Primi sintomi sani di un’Alternanza che funziona
Alternanza scuola lavoro, un tentativo forse vano di creare un raccordo fra la formazione e il mondo del lavoro. Inutile? Impossibile? Bando ai leciti quesiti, in realtà tale iniziativa è stata messa in discussione fin dai suoi esordi per una moltitudine di motivi fra cui echeggiava la vivace ostilità contro un’intera riforma che porta il nome di “Buona scuola”.
Un nuovo dettame di legge, che a furor di popolo o populismi poco aveva di buono e positivo. Cosi oggi, con un mutamento di nomenclature si passa dall’ etichetta “alternanza scuola lavoro” a “percorsi per le competenze trasversali e per l’orientamento “.
Eppure, citava la vecchia proprietà transitiva dell’ uguaglianza, cambiando la posizione degli addendi il risultato non cambia. Eliminata la parola lavoro che pare inquini le limpide acque della cultura e della formazione in genere, si ottiene lo stesso risultato: fra i banchi di scuola diviene sempre più necessario affrontare la questione lavoro, intesa più propriamente come capacità di strutturare un progetto professionale.
Il fine dunque giustifica i mezzi. E se il risultato è quello di allenare i giovani ingegni a pensare in maniera concreta il futuro, allora ben vengano i percorsi per l’orientamento e le competenze. Del resto si tratta di ciò che si auspicava con un buon progetto di alternanza (che la legge 107 del 2015 lungi dal pensare solo ed esclusivamente come esperienza di tirocinio).
Ma il progresso non si può arrestare e le cose cambiano e, sebbene diminuiscano le ore, i giovani studenti e le giovani studentesse possono comunque respirare l’ aria post diploma, provando a capire dove realmente si stanzi l’ ossigeno del loro domani.
E questa apertura delle porte ad opera dell’istituzione scolastica, a ben guardare ha già dato i suoi frutti. Segni imprescindibili che mostrano adolescenti capaci di mettersi in gioco, più di noi adulti miseramente persi nelle diatribe del passato. Ideologie di italica memoria!
Davvero l’ alternanza qualcosa di buono ha fatto? Oltre a togliere ore a vetusti programmi, ha permesso di scorgere cosa c’è fuori. Detto altrimenti, ha dato l’opportunità di ingegnarsi per scovare opportunità nel territorio, ha fornito l’occasione di guardare oltre i propri confini regionali.
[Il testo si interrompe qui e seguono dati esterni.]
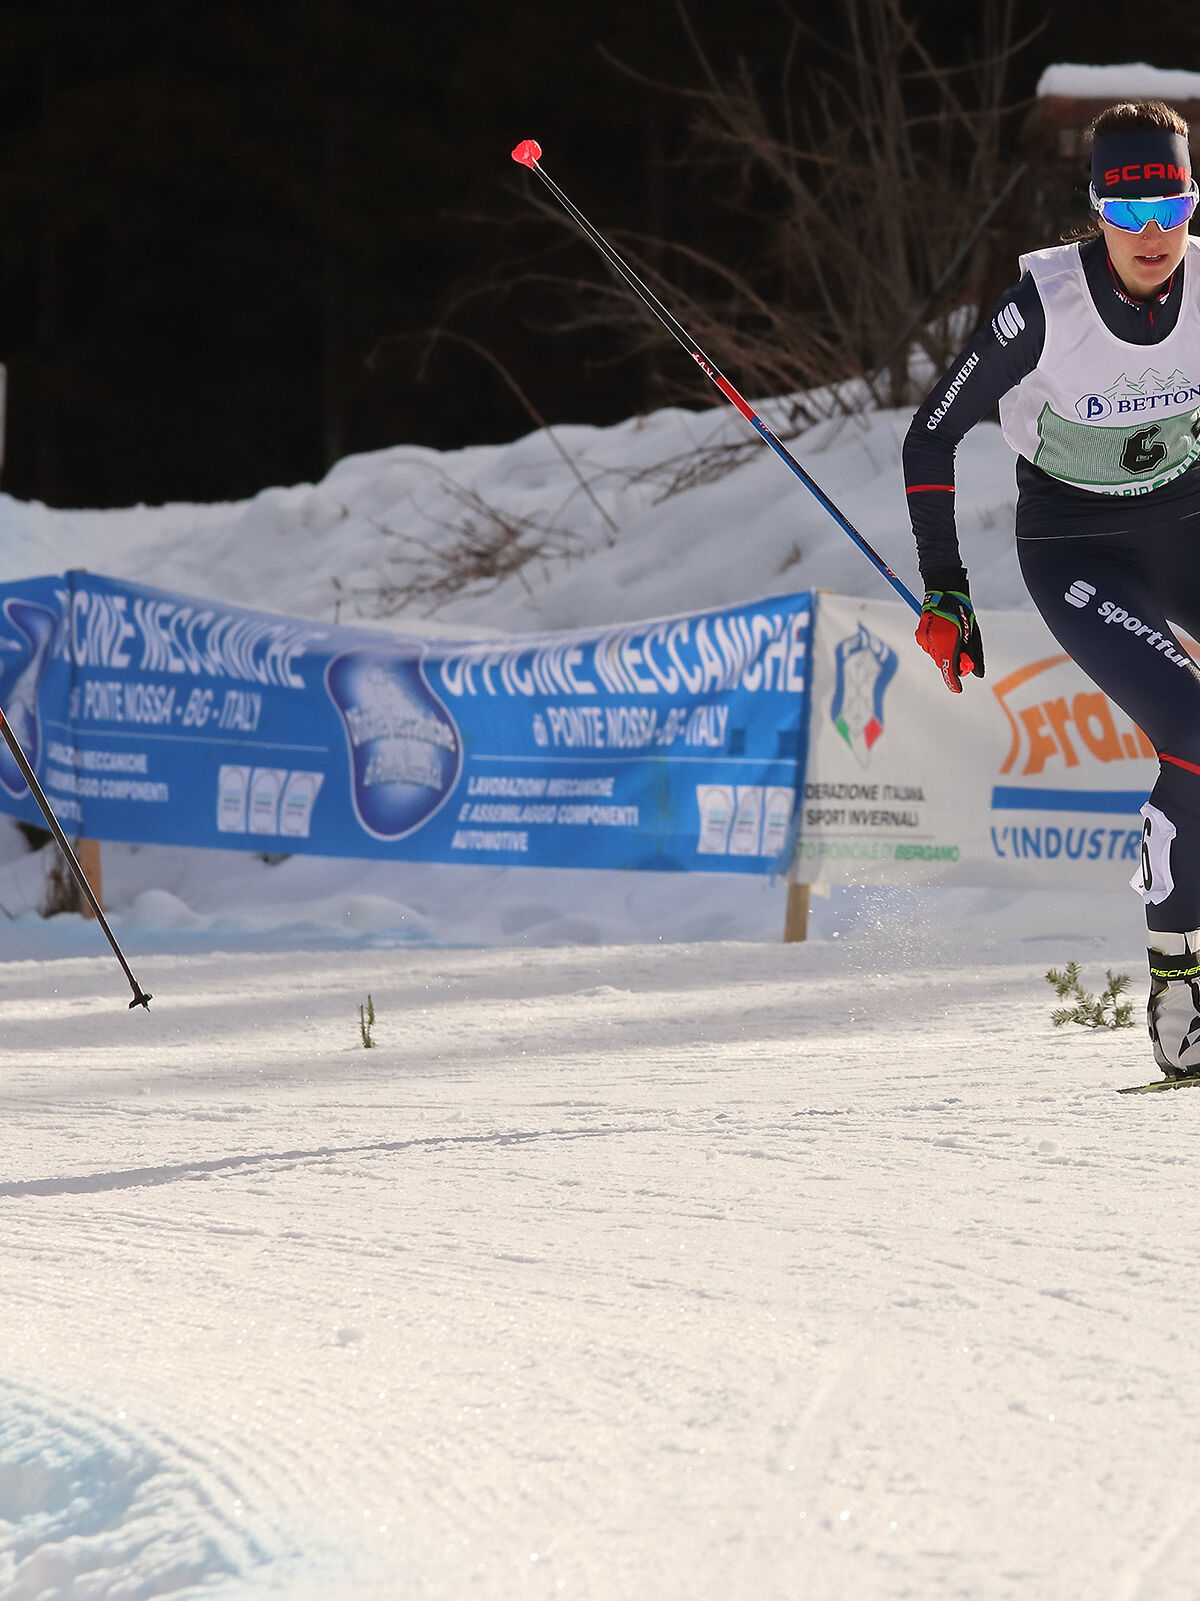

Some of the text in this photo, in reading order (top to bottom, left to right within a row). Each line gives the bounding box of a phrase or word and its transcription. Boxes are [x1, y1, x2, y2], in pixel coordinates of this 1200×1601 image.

[926, 351, 980, 431] CARABINIERI
[1119, 423, 1168, 475] 6
[134, 599, 330, 688] MECCANICHE
[440, 611, 811, 697] OFFICINE MECCANICHE
[1097, 600, 1192, 669] sportful
[546, 706, 605, 748] PONTE
[807, 809, 919, 827] SPORT INVERNALI
[991, 826, 1141, 860] L'INDUSTR
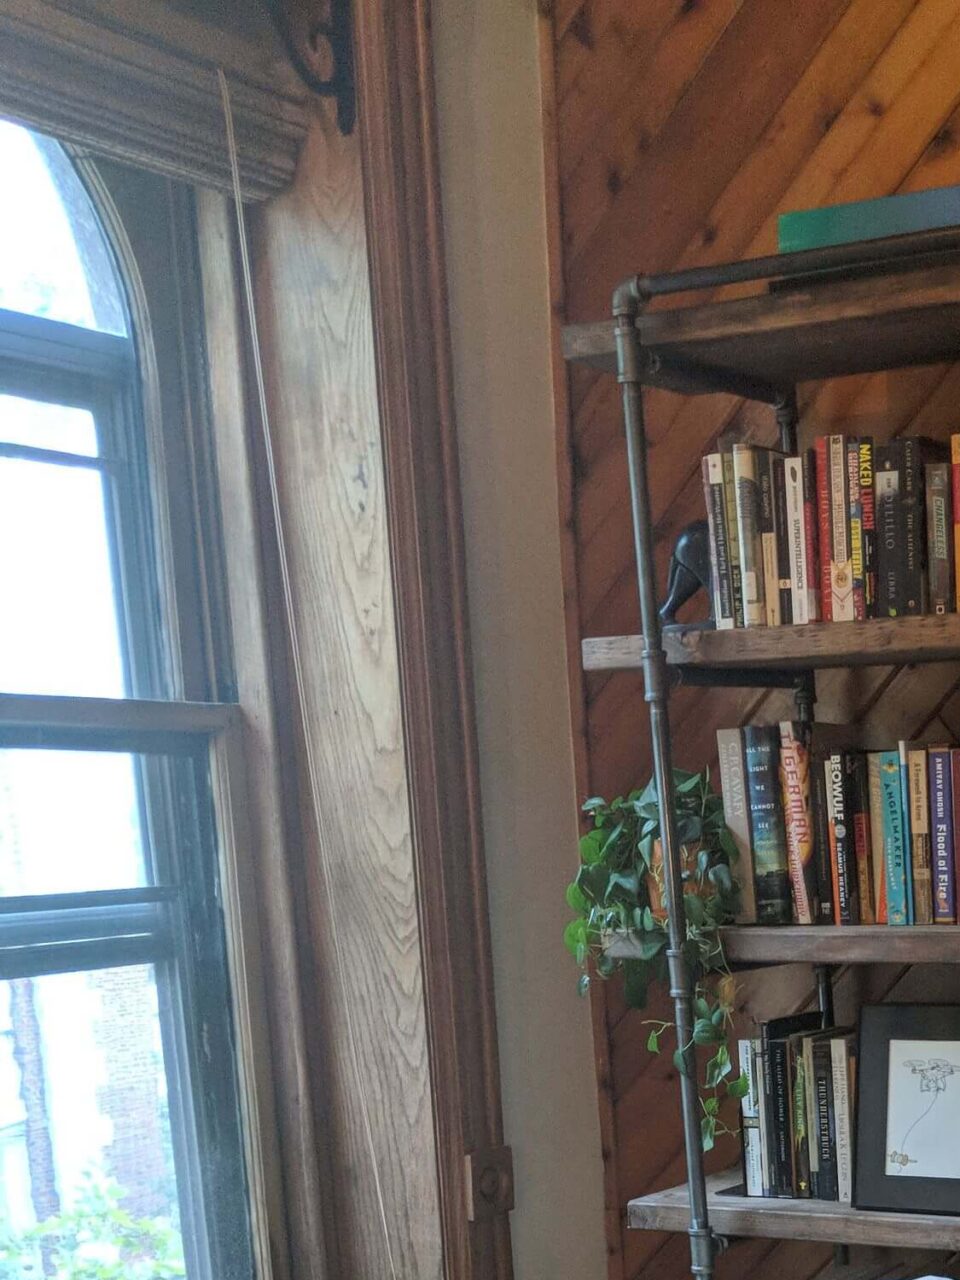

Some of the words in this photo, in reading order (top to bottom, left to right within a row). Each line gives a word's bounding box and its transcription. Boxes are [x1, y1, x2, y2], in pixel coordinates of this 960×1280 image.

[859, 443, 873, 486] NAKED
[862, 488, 874, 530] LUNCH
[934, 498, 946, 558] CHANGELESS
[793, 519, 803, 590] SUPERINTELLIGENCE
[887, 571, 896, 600] LIBRA
[780, 733, 809, 845] TIGERMAN
[831, 755, 845, 821] BEOWULF
[936, 791, 944, 818] GHOSH
[883, 783, 902, 869] ANGELMAKER
[937, 824, 949, 857] Flood
[938, 859, 949, 871] of
[939, 873, 949, 898] Fire
[818, 1080, 831, 1160] THUNDERSTRUCK
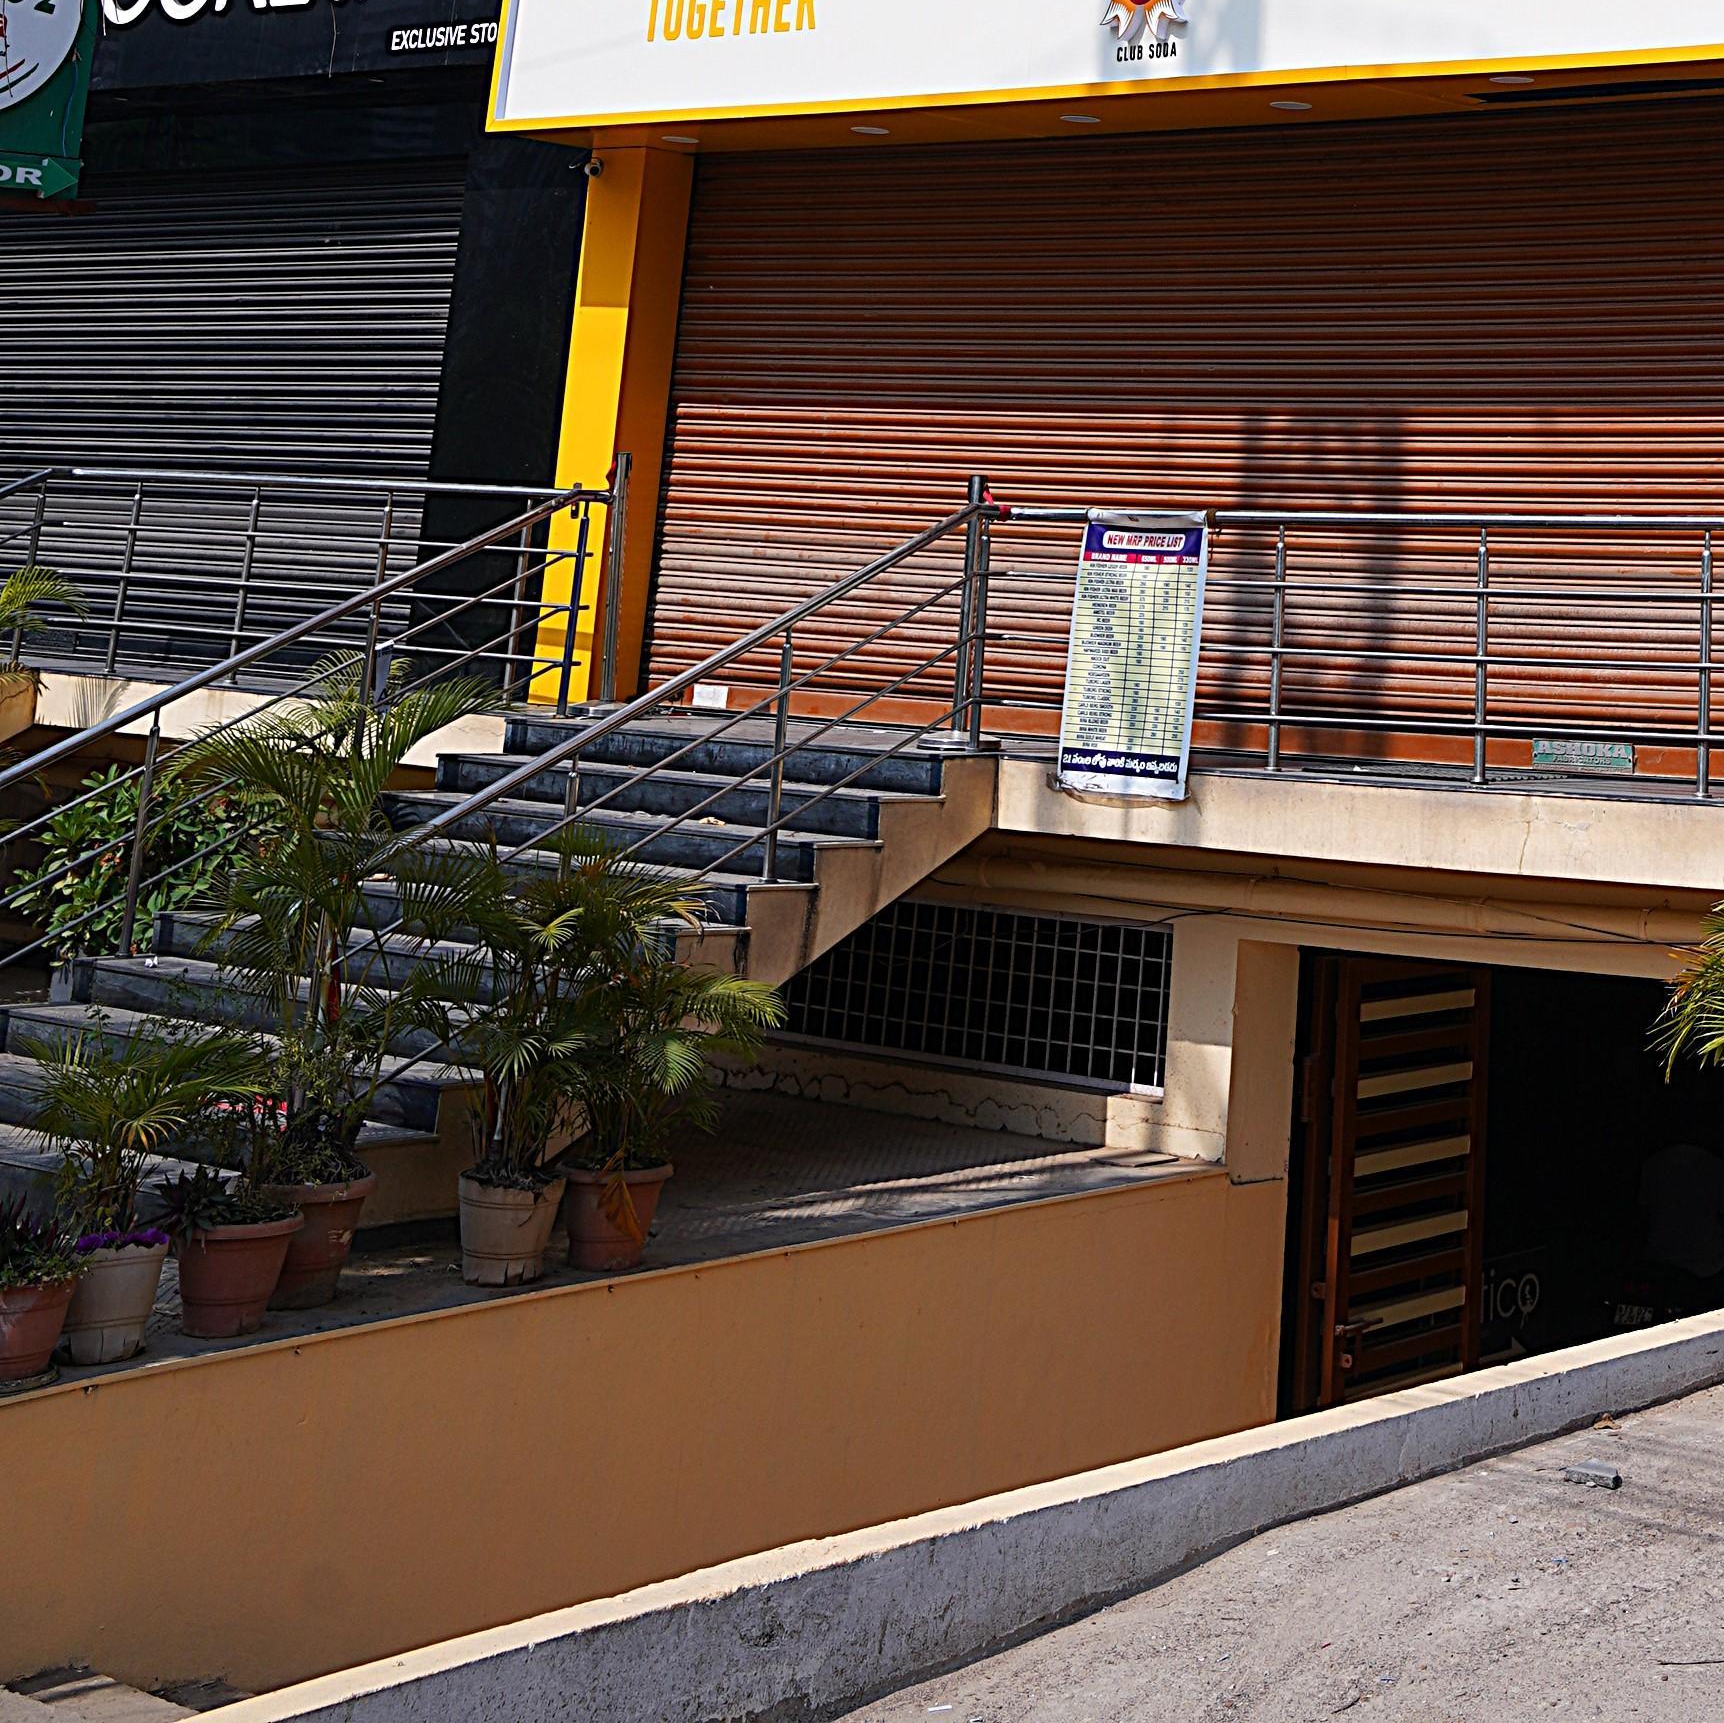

Sarebbe già sufficiente visitare il sito del Miur per scorgere progetti interessanti e degni di nota che hanno messo in gioco non solo le menti degli e delle adolescenti, ma anche quelle non meno vivaci dei professori e delle professoresse.
Una categoria che ormai sa di doversi mettere in gioco di continuo, reinventando il proprio ruolo di insegnate, tutor, progettista, guida, insomma di professionista del sapere capade di sollecitare le coscienze dei e delle discenti affinché possano prendere una sacra decisione: imparare, crescere, diventare cittadini attivi.
Ebbene, basta guardare con occhio attento gli alunni e le alunne dei V anni delle scuole secondarie di secondo grado, figlie di tre anni di dura sperimentazione di questa altalena scuola lavoro, per scorgere elementi di novità. Una vivacità diligentemente orientata, oggi anima i nostri e le nostre studentesse. Innegabile traguardo offerto dalla famigerata alternanza.
E’ sufficiente girovagare per saloni d’ orientamento o manifestazioni dedicate agli e alle adolescenti per imbattersi in giovani evidentemente più consapevoli, capaci di interagire in maniera matura con strutture altre dalla scuola. Un tempo uscire dalla struttura scolastica rappresentava una fuga dal quotidiano, una ricreazione a tutto tondo durante la quale la disciplina sembrava un vago ricordo.
Oggi la realtà contraddice quanto sopra. Nelle ultime esperienze vissute in prima persona da chi scrive, si è fatta avanti una massa di studenti e studentesse garbata e ordinata. La mia è stata una piacevole sensazione condivisa con i colleghi, formatori e formatrici come me.
Tutti abbiamo intra-visto un mutamento che si fa insegnamento per una società che apprende e accoglie espressioni di progresso e di sviluppo.